AnalyticsGet More Contextual With a Switch to Adjusted Bounce Rates with Time Intervals

Get More Contextual With a Switch to Adjusted Bounce Rates with Time Intervals

While bounce rates are an important measure for site performance, bounce rate doesn't have to come only from bounces tied directly to users' time onsite.

Bounce Rate is generally accepted as a vital heartbeat measure of site performance. It is also perceptually flawed. There tends to be a general misconception among many business stakeholders across verticals that bounce rate must come from qualified bounces tied directly to users’ length of time onsite. What many fail to realize is that the variable for time is not a core dependency for the bounce rate equation. Instead, bounce rate depends on a ratio of single accesses divided by entries (SA/E) for a particular target page, regardless of the user duration. The assumption that bounces are only qualified if the bounces occur under a certain amount of time (such as a 30 or 60 second interval) is not only a fallacy, but also one that causes inaccuracies in judgement and reactive tactics. That’s not to say that correlating bounces to time intervals is bad. Quite the opposite in fact.

While the equation for bounce rate does not require on-page persistence over a length of time as a factor, there is significant value in an adjusted bounce rate broken out by time intervals. With the adjusted bounce rate by time intervals ratios in hand, one is able to better interpret more granularly defined impact on conversions, or the lack thereof. However, there is still the gap of whether the majority of user bounces occurred in under or over 30 seconds, or whichever threshold is mandated by various organizations in their performance goals. If a majority of bounces occurred in under 30 seconds, then page-level engagement runs the risk of being impeded by misaligned marketing messaging between search level meta descriptions or advertising promotional campaigns compared to on-page content. Likewise, if a majority of the bounces occurred in over 30 seconds, then engagement may be restricted by a user’s perceived inability to safely explore the content on the page via hyperlink click through events.

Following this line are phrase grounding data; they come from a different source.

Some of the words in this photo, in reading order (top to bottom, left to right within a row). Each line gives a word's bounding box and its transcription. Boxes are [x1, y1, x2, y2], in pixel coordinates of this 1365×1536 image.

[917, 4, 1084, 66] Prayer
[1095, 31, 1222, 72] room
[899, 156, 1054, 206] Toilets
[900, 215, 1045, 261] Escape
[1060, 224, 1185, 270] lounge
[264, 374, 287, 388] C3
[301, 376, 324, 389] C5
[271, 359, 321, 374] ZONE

How does one go about creating an association between bounce rate and granular time intervals representing when particular bounces occurred?

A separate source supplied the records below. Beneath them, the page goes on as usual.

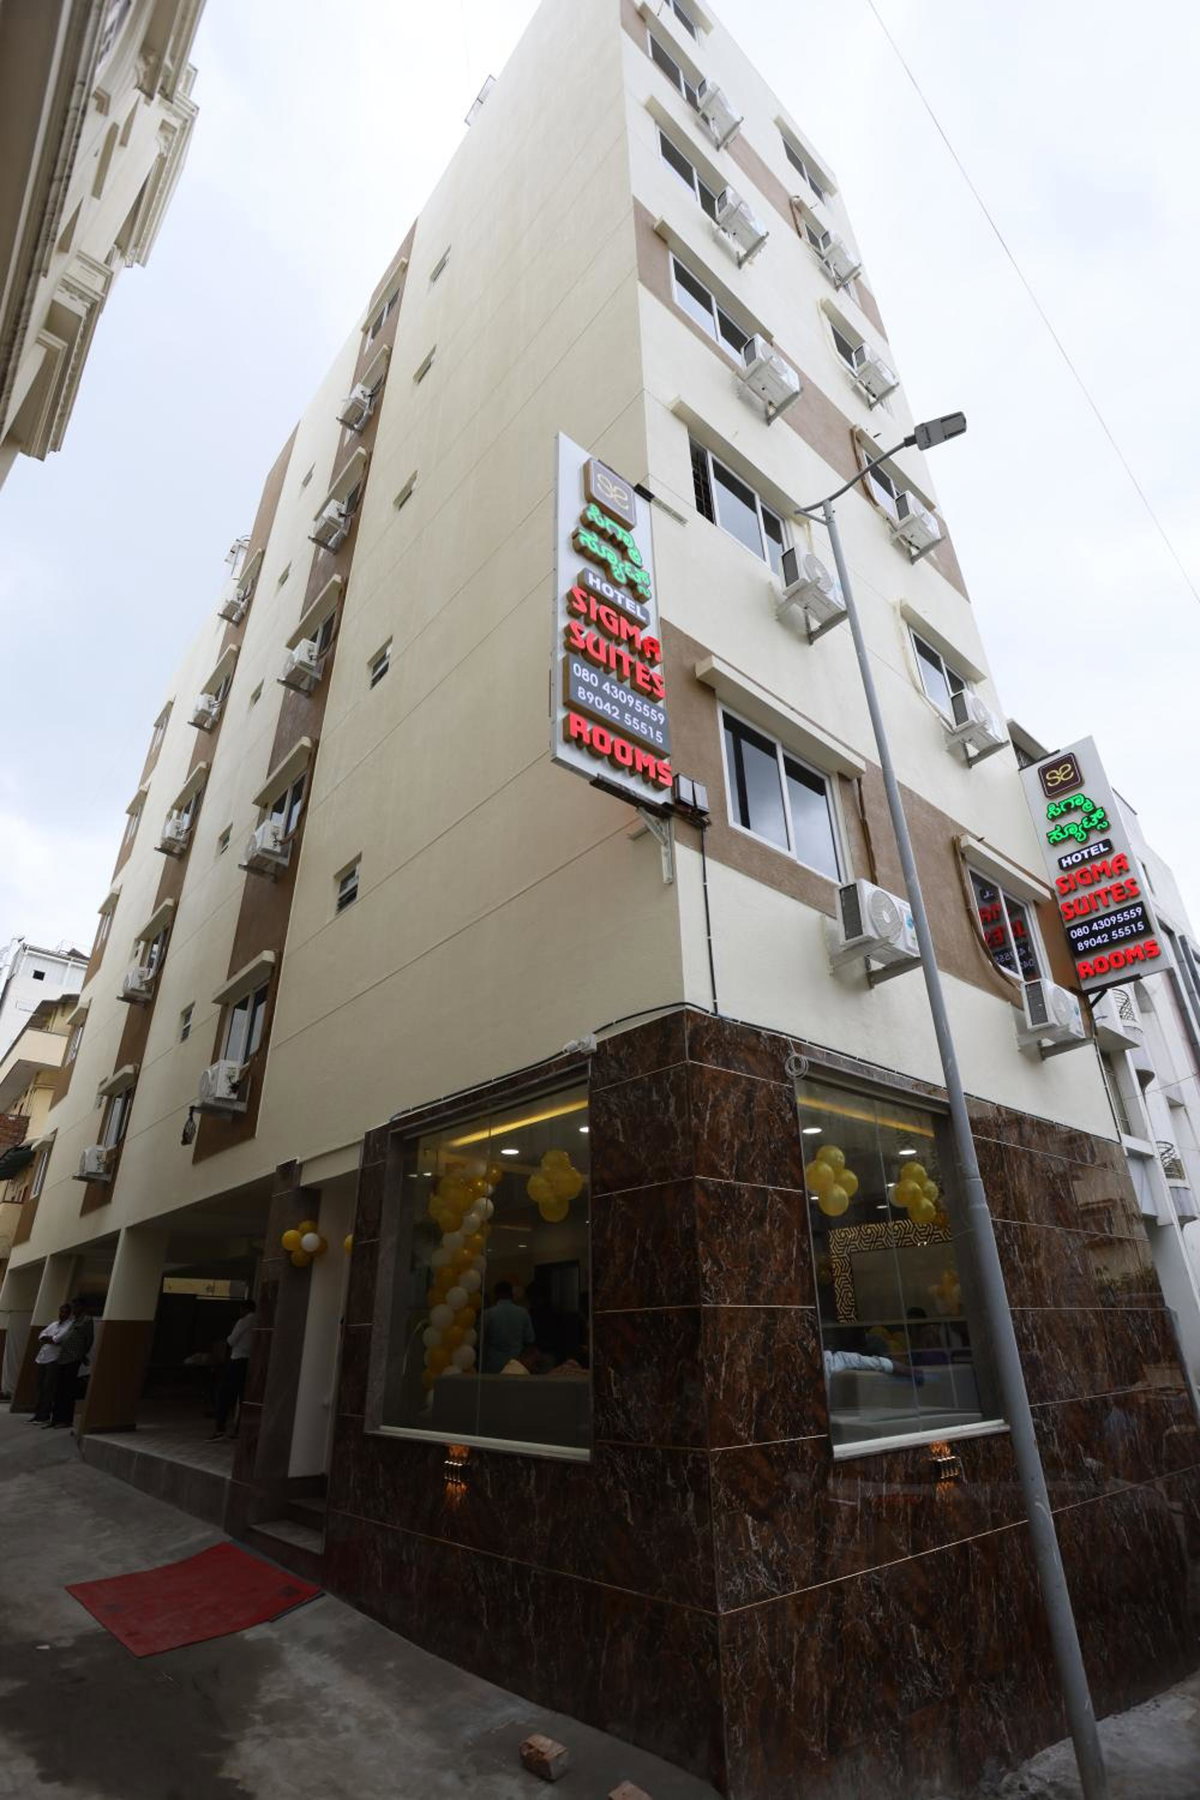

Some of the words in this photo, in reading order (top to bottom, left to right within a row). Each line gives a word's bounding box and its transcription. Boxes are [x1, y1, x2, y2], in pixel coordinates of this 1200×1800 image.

[588, 573, 646, 621] HOTEL
[571, 586, 662, 662] SIGMA
[569, 620, 666, 700] SUITES
[573, 663, 599, 687] 080
[602, 680, 666, 725] 43095559
[577, 686, 621, 720] 89042
[624, 714, 664, 744] 55515
[569, 712, 673, 787] ROOMS
[1055, 853, 1130, 895] SIGMA
[1061, 843, 1109, 868] HOTEL
[1060, 877, 1141, 921] SUITES
[1070, 926, 1090, 939] 080
[1092, 906, 1142, 931] 43095559
[1077, 934, 1110, 951] 89042
[1112, 921, 1145, 940] 55515
[1077, 939, 1161, 979] ROOMS

Adobe Site Catalyst accounts for bounce rate by dividing total bounces for a particular target page by the total visits to that same page. If you need to conduct an evaluation against a particular campaign, then create a custom segment first to isolate traffic by a particular campaign ID. Isolate the first target page in the conversion funnel by conducting a Pages Report for a specific time period. For the selected metrics, include Bounces and Visits. Export this data into a custom table.

Next, run a Time Spent on Site report and filter down to your selected target page. Export your time interval data to a new table. For each time interval factor, such as “less than 15 seconds”, or “15 to 30 seconds”, divide total bounces by the partitioned traffic metric provided in the report. Once your table is propagated with this data by each time interval factor, you may color code the results to visually depict relational outcomes. Once this cycle is completed, start over with the next target page in the conversion path until all target pages in the funnel are accounted for with granular results. Tie the results for all targeted pages together into a final color coded matrix.

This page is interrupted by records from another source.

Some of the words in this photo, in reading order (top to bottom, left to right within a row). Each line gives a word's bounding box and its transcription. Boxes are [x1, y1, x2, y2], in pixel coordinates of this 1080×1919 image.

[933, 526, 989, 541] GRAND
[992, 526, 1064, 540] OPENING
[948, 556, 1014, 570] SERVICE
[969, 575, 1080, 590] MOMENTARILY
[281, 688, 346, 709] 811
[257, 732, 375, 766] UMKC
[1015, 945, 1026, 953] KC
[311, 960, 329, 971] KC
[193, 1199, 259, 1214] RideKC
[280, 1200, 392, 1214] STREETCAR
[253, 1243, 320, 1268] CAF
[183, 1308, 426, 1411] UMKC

With a codified matrix completed, you should now have the ability to tell an enriching data-driven story about when users are engaging in the conversion flow. Such a story may be augmented by an additional color coded click map by onsite link position for the targeted pages to help provide additional context on user behavior tied to the conversion process. Spice this up with correlations to user geo-locations and device types to help with marketing campaign retargeting efforts. More importantly, this level of granularity could be used to identify optimization opportunities which could further be performance evaluated through Taguchi multivariate A/B/n testing. There are a number of directions to take conversion optimization and user behavioral evaluations once adjusted bounce rates by time intervals are determined and reported on. The best part is that the process is not only easy, but compelling and impactful as well.